── SOURCE INFORMATION

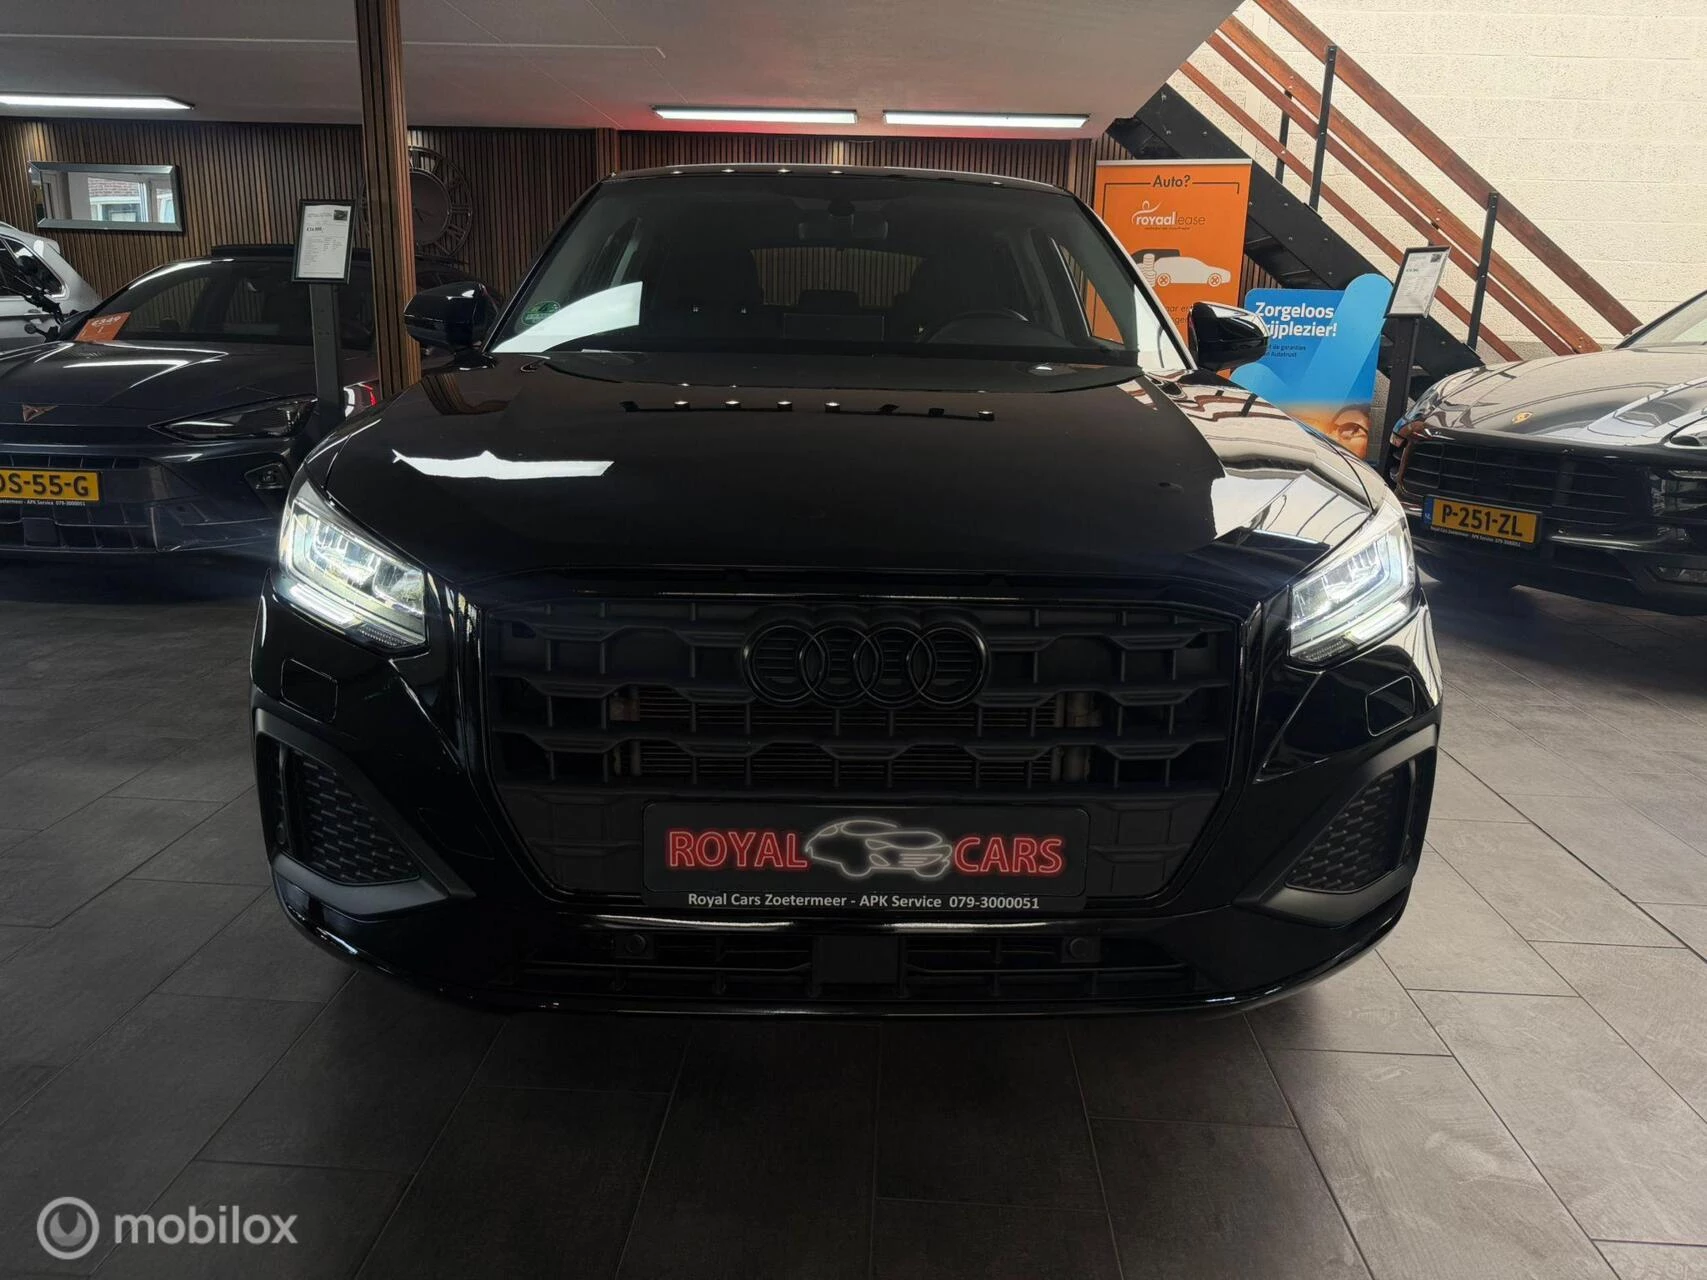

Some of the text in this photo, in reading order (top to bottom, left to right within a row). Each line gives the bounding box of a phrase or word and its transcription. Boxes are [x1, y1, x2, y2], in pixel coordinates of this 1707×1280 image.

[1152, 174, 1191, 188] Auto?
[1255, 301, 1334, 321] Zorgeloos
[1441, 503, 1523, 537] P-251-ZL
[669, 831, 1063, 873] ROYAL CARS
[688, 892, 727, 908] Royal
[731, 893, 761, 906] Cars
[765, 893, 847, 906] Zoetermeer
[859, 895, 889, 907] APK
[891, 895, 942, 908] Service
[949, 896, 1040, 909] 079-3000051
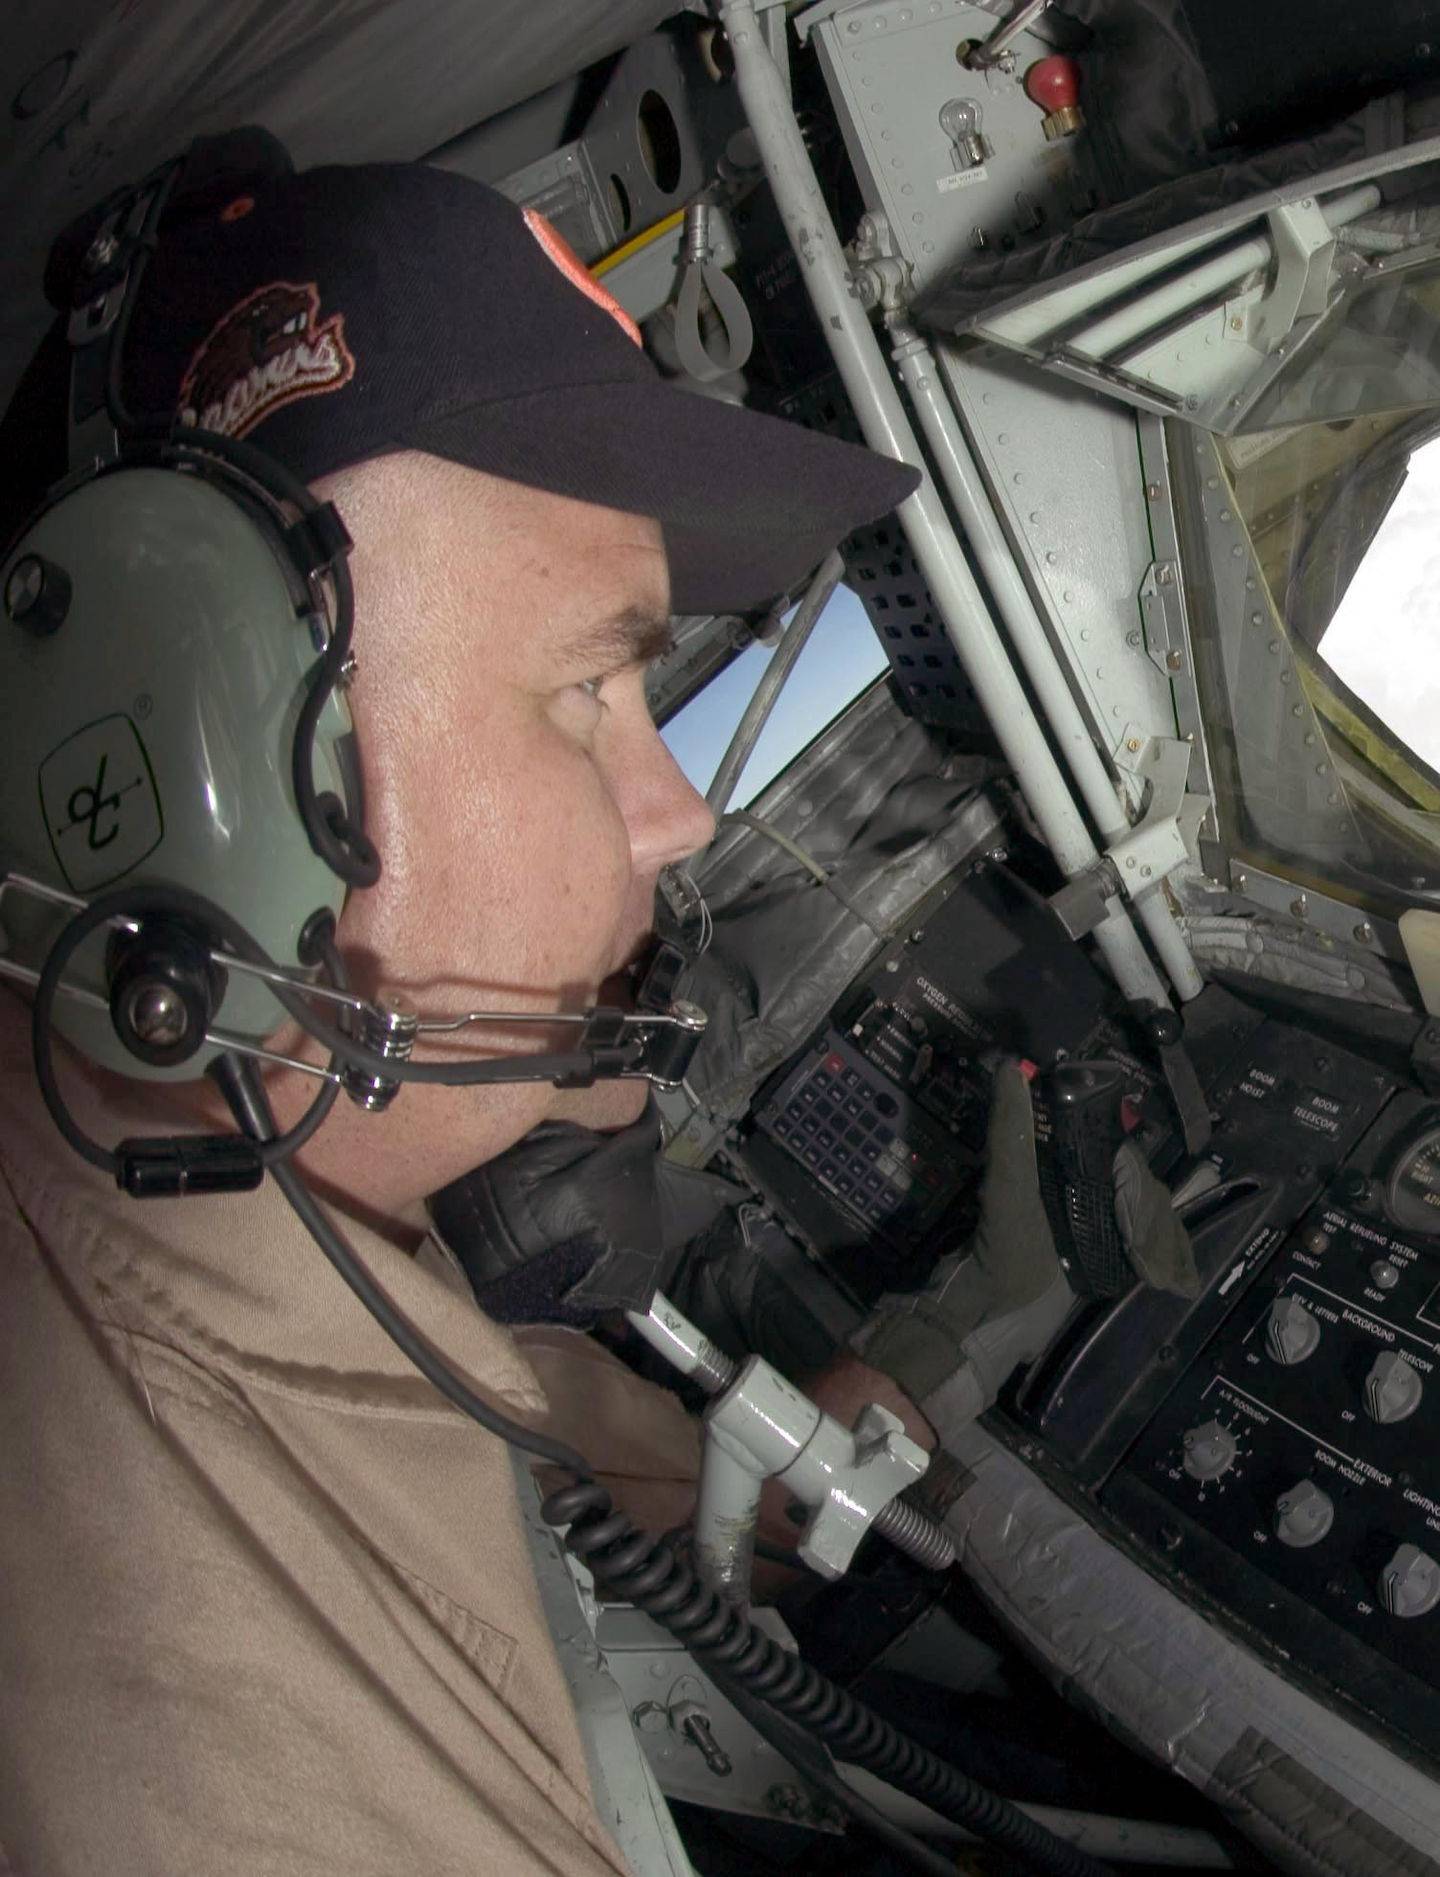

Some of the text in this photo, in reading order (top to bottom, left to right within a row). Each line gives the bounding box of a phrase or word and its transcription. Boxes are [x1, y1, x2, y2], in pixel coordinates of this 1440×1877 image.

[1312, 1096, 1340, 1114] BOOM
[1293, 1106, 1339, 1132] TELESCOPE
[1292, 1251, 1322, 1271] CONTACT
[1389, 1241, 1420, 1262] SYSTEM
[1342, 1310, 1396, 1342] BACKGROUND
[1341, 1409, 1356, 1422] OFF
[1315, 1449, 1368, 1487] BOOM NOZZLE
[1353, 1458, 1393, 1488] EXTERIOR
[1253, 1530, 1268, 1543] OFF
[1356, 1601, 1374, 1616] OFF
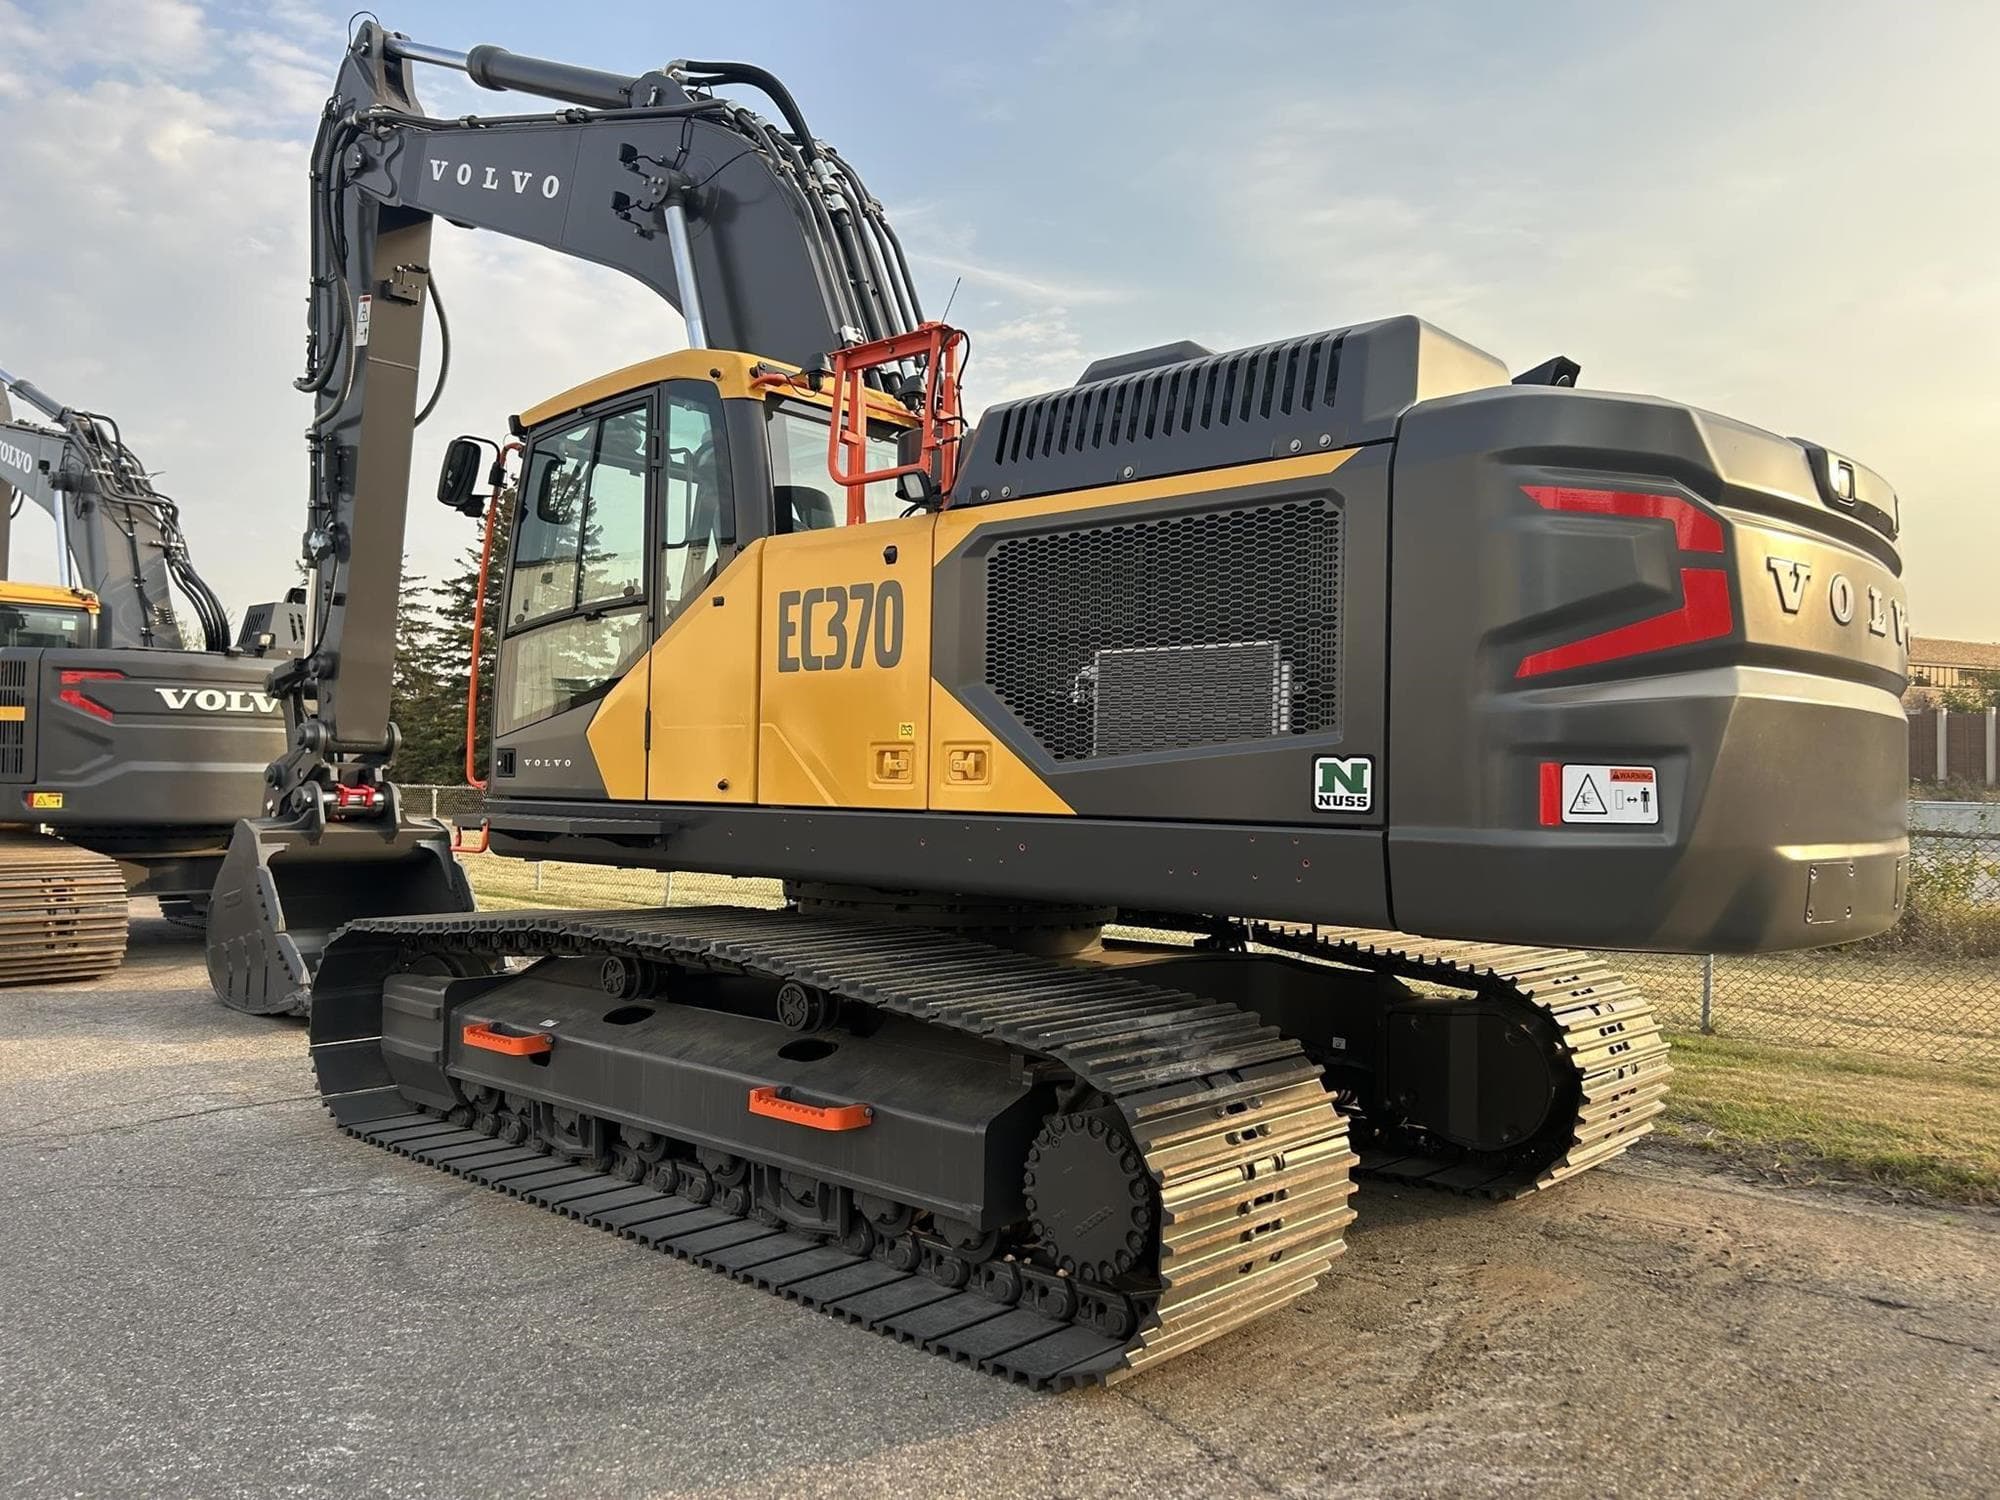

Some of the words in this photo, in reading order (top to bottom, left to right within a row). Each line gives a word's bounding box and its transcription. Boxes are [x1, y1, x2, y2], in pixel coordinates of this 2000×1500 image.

────

WHAT NEEDS TO BE DONE - Output the entries above verbatim, with no picture included.

RESPONSE TO THE TASK -
Some of the text in this photo, in reading order (top to bottom, left to right within a row). Each line gives the bounding box of a phrase or word and its transcription. Boxes are [x1, y1, x2, y2], in pixel coordinates of this 1707×1280 image.

[1152, 174, 1191, 188] Auto?
[1255, 301, 1334, 321] Zorgeloos
[1441, 503, 1523, 537] P-251-ZL
[669, 831, 1063, 873] ROYAL CARS
[688, 892, 727, 908] Royal
[731, 893, 761, 906] Cars
[765, 893, 847, 906] Zoetermeer
[859, 895, 889, 907] APK
[891, 895, 942, 908] Service
[949, 896, 1040, 909] 079-3000051

Some of the text in this photo, in reading order (top to bottom, left to right within a row). Each line gives the bounding box of a phrase or word and its transcription. Boxes are [x1, y1, x2, y2], in pixel coordinates of this 1440×1877 image.

[1312, 1096, 1340, 1114] BOOM
[1293, 1106, 1339, 1132] TELESCOPE
[1292, 1251, 1322, 1271] CONTACT
[1389, 1241, 1420, 1262] SYSTEM
[1342, 1310, 1396, 1342] BACKGROUND
[1341, 1409, 1356, 1422] OFF
[1315, 1449, 1368, 1487] BOOM NOZZLE
[1353, 1458, 1393, 1488] EXTERIOR
[1253, 1530, 1268, 1543] OFF
[1356, 1601, 1374, 1616] OFF

Some of the words in this photo, in reading order (top to bottom, left to right within a row). Each line gives a word's bounding box and its transcription. Boxes are [x1, y1, x2, y2], in pixel coordinates of this 2000×1500 image.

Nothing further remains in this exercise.